Due to the size of this project, there are four notebooks instead of one. The proper order to execute these notebooks is as follows:

- Gathering Data **<---- You are here**
- Preprocessing
- Feature Engineering
- Modeling

### Stakeholder
Your stakeholder is a social media communications team working for a political candidate, Donald Trump. They have requested that you analyze a body of social media posts from their voter base and extract meaningful insights on their base's attitudes.

### Data: Origin
Data is taken from the former reddit titled ***r/the_donald***. This reddit has been archived along with 20,000 others on [the-eye.eu](https://the-eye.eu/redarcs/). If you want to download it yourself, you just need to type "the_donald" in the search bar on this website and download the "Comments" link provided there. However, this notebook should download the file for you.

Fair warning - if you are about to explore on this website, be cautious. I looked at some of the archived reddits and will never be the same again.

### Data: Statistics
The compressed file is sizeable at 3.8GB, but this is in .zst format. Once converted to a .txt file, it takes up a whopping 37.48 GB of space, containing data on approximately 48 million posts. Due to the sheer amount of data and the limitations of my machine, I was unwilling to analyze all 48 million posts. I wanted to take 2 million posts, so I kept every 23rd post from this file.

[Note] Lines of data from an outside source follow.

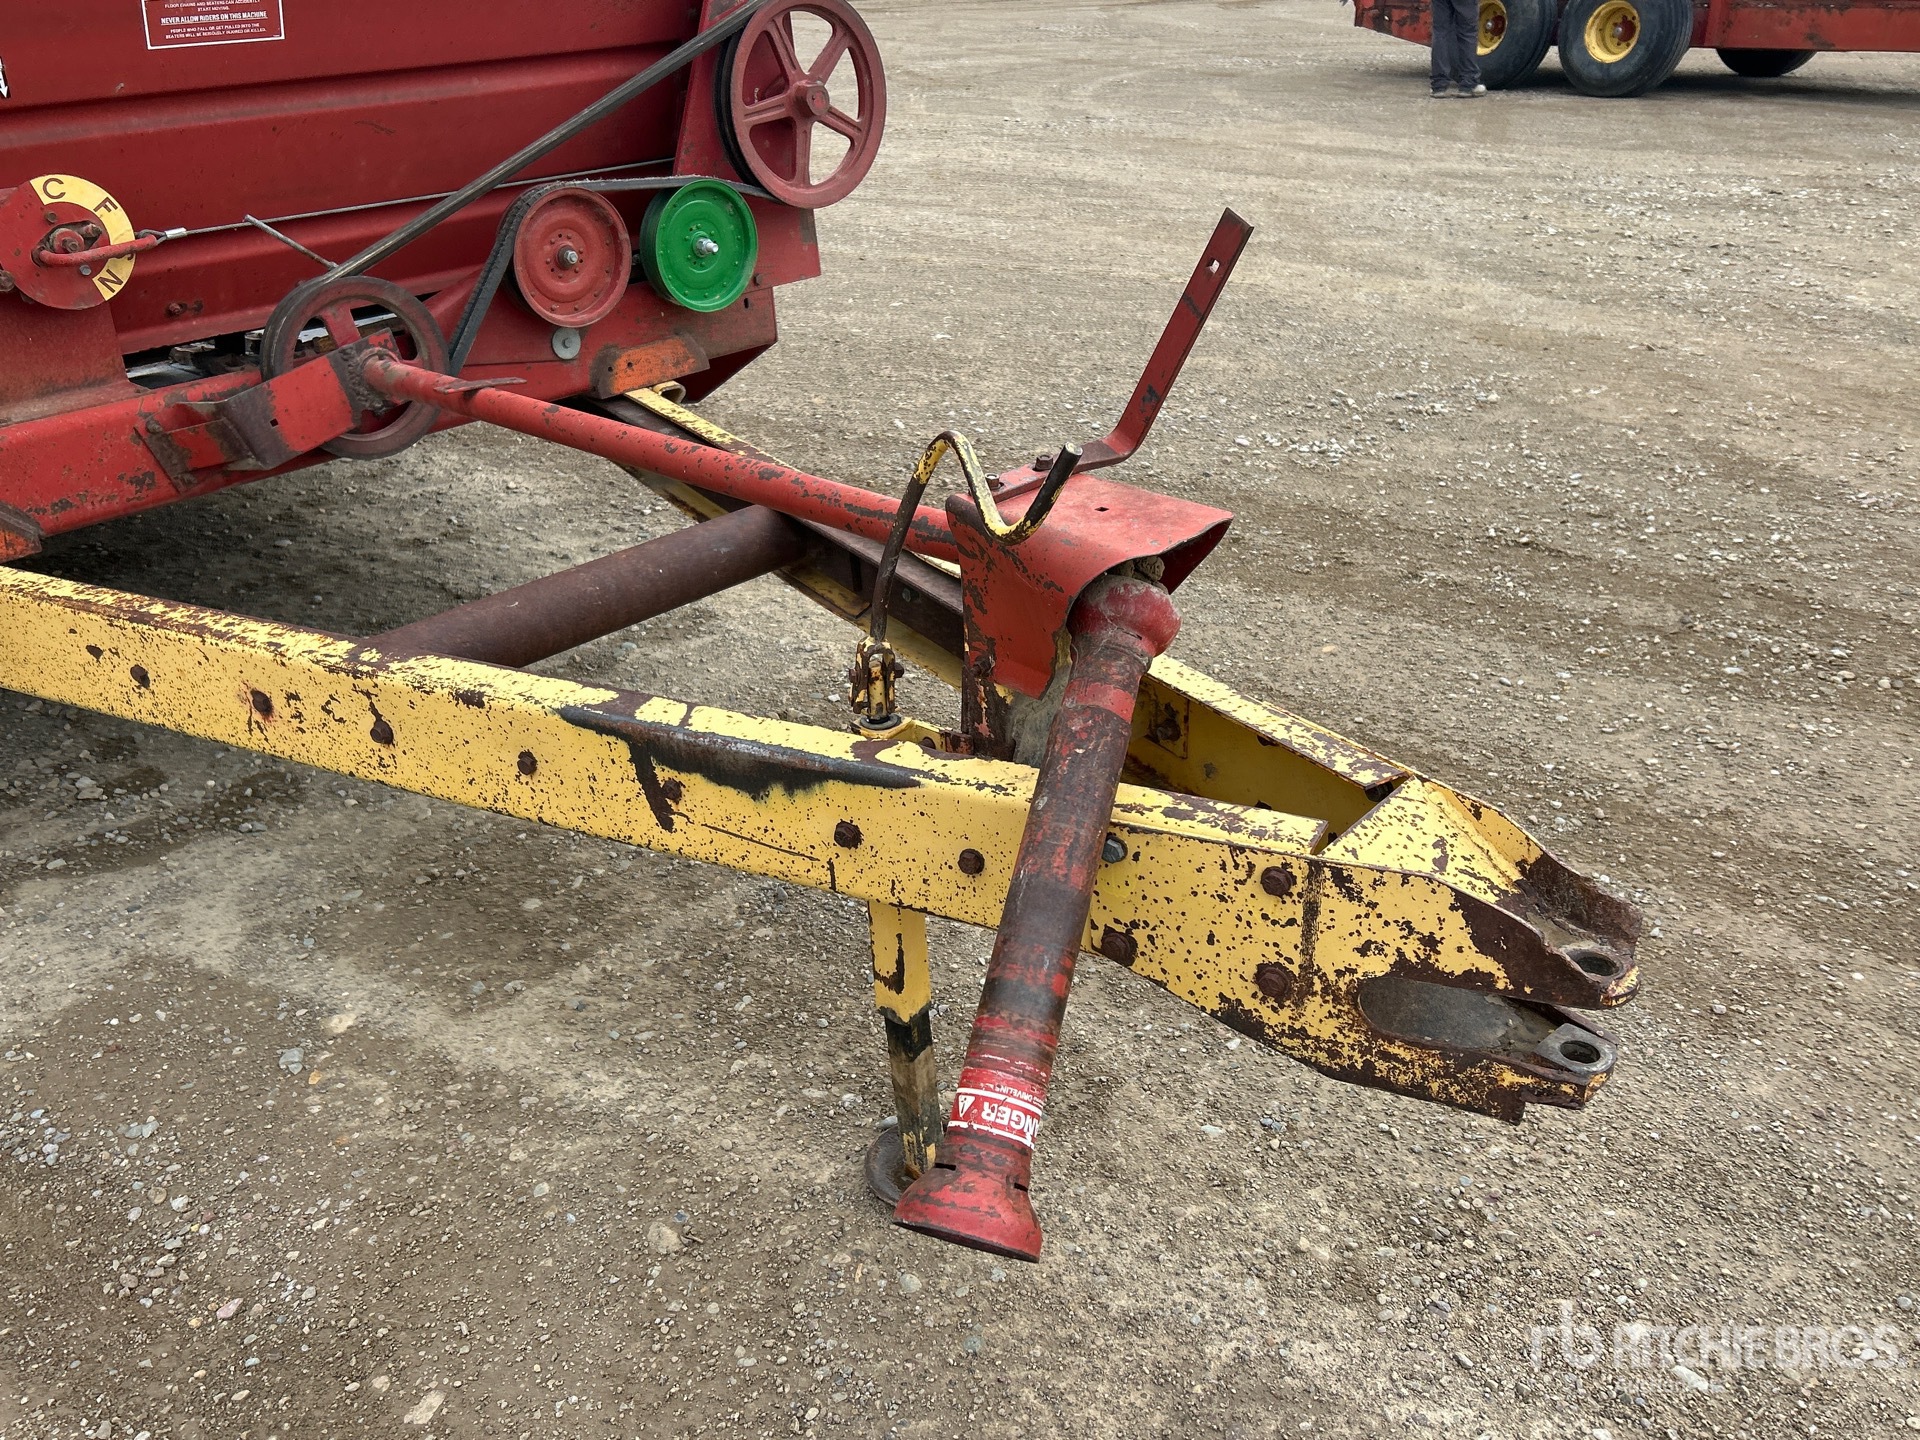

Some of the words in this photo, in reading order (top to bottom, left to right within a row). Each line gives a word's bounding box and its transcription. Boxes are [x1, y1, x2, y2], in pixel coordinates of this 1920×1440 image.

[42, 178, 66, 200] C
[92, 196, 118, 213] F
[98, 268, 124, 294] N
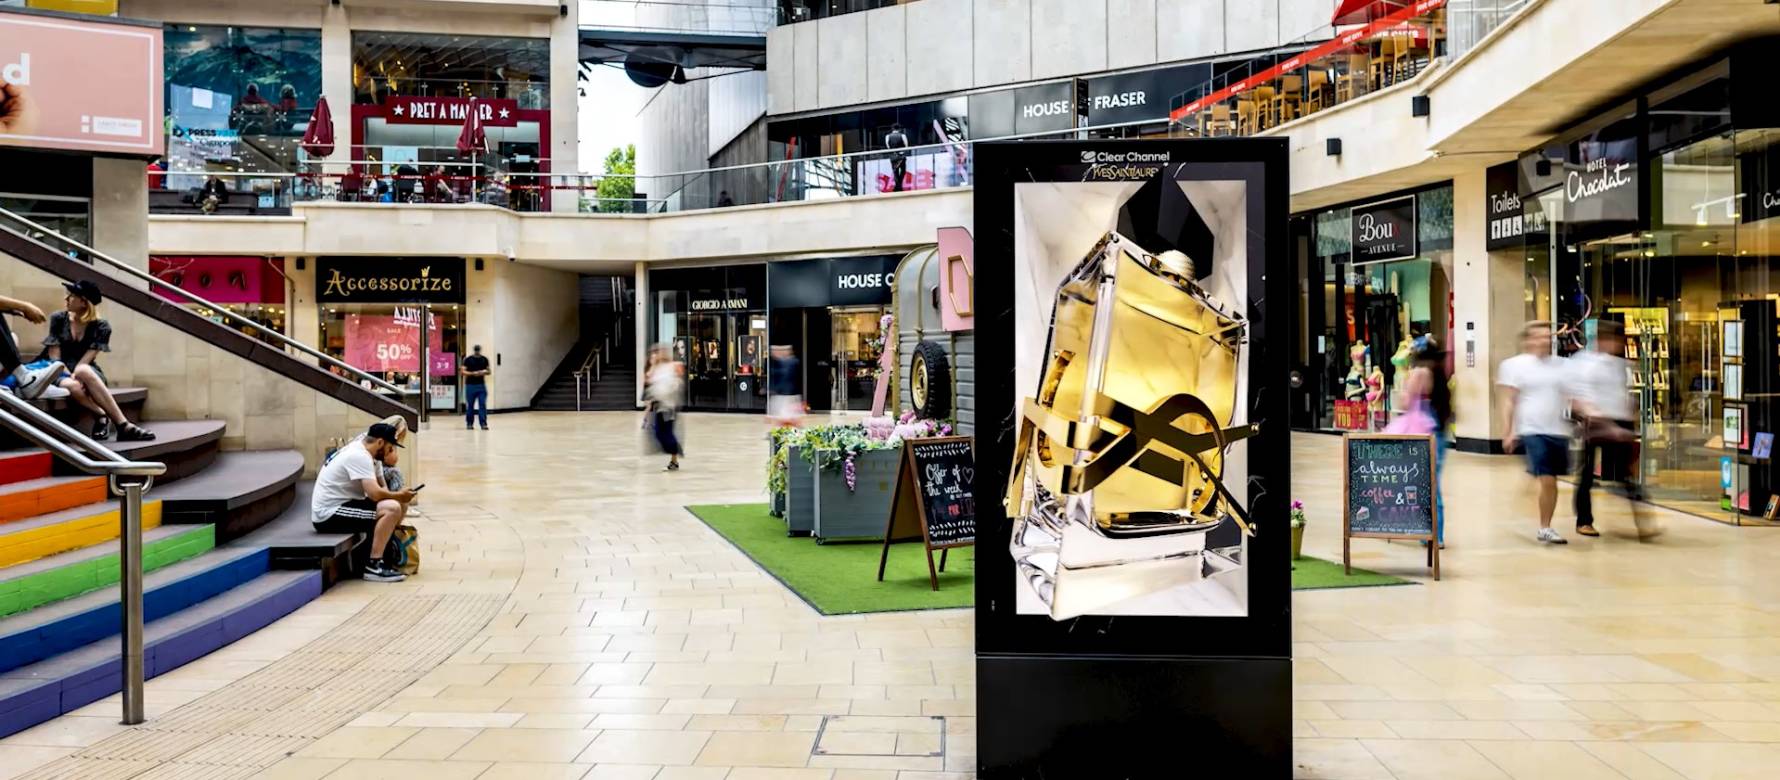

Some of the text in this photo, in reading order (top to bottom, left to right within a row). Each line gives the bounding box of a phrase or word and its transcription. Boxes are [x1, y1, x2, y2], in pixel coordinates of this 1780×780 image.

[410, 102, 493, 120] PRET A MAER
[1023, 100, 1069, 118] HOUSE
[1094, 91, 1146, 110] FRASER
[1097, 151, 1170, 162] Clear Channel
[1586, 157, 1607, 173] HOTEL
[1491, 188, 1521, 214] Toilets
[1368, 242, 1397, 255] AVENUE
[323, 266, 452, 297] Accessorize
[838, 273, 882, 289] HOUSE
[692, 299, 748, 310] GIORGIO ARMANI
[925, 463, 961, 485] Offer of
[1353, 460, 1419, 483] always
[1361, 475, 1398, 483] TIME
[924, 480, 941, 497] the
[944, 480, 963, 494] week
[1361, 487, 1405, 505] coffee &
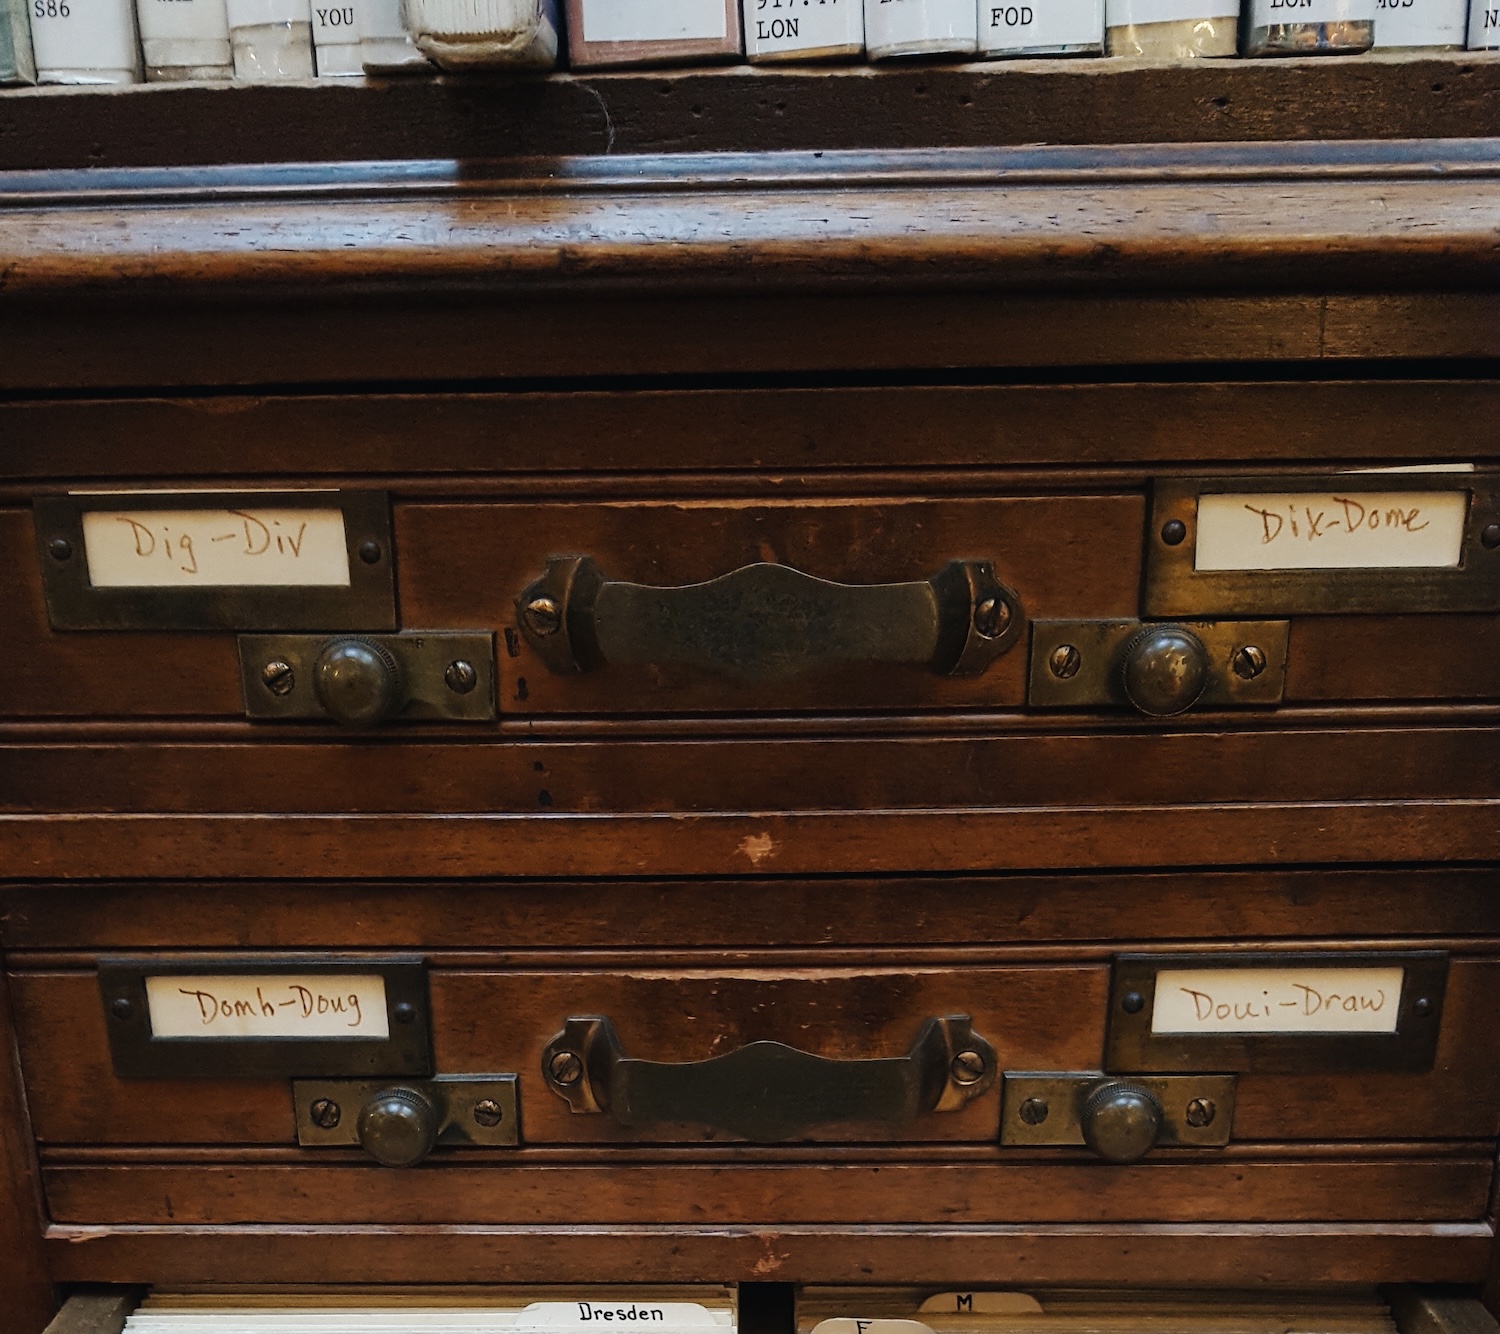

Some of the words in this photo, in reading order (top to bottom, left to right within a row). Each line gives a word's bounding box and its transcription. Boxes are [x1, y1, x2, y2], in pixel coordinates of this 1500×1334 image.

[35, 1, 70, 17] S86
[317, 8, 353, 26] YOU
[991, 7, 1033, 27] FOD
[1484, 10, 1500, 28] N
[757, 19, 799, 39] LON
[1244, 497, 1429, 544] Dix-Dome
[117, 509, 307, 574] Dig-Div
[178, 985, 361, 1027] Domh-Doug
[957, 1294, 972, 1311] M
[578, 1303, 664, 1321] Dresden
[856, 1321, 872, 1334] F

Each post is recorded as a dictionary. Only some of the keys were relevant to our analysis:
- Raw text
- Post score (upvotes - downvotes)
- Author
- Date posted

After extraction, our initial dataframe had 2.1 million total entries ranging from August of 2015 to April of 2020, for a total of 1710 days – approximately 4.5 years. There are 178,308 unique authors.


### Basic spam removal
Thorough spam removal occurs in the **preprocessing notebook**, but we conduct some very basic spam removal in this notebook. Any removed posts (whether deleted by moderators, or authors), and empty posts are removed. All in all, 198,237 of our original posts were removed due to these measures.

# Importing packages

In [1]:
import pandas as pd
import json
import numpy as np

import time
from tqdm.notebook import tqdm
import os
import urllib
import warnings
warnings.filterwarnings('ignore')

import zstandard as zstd

### Downloading data

In [6]:
name='the_donald_comments'
path = 'data/the_donald_comments.zst'

exists = os.path.exists(path)

In [8]:
name='the_donald_comments'
path = '../data/the_donald_comments.zst'

# Downloading can be a lengthy process. If you have already downloaded the file,
# this cell will not re-download.
exists = os.path.exists(path)

if exists:
    print(f"Compressed .zst file for {name} already exists. Skipping download.")
else:
    url = 'https://the-eye.eu/redarcs/files/The_Donald_comments.zst'
    urllib.request.urlretrieve(url, path)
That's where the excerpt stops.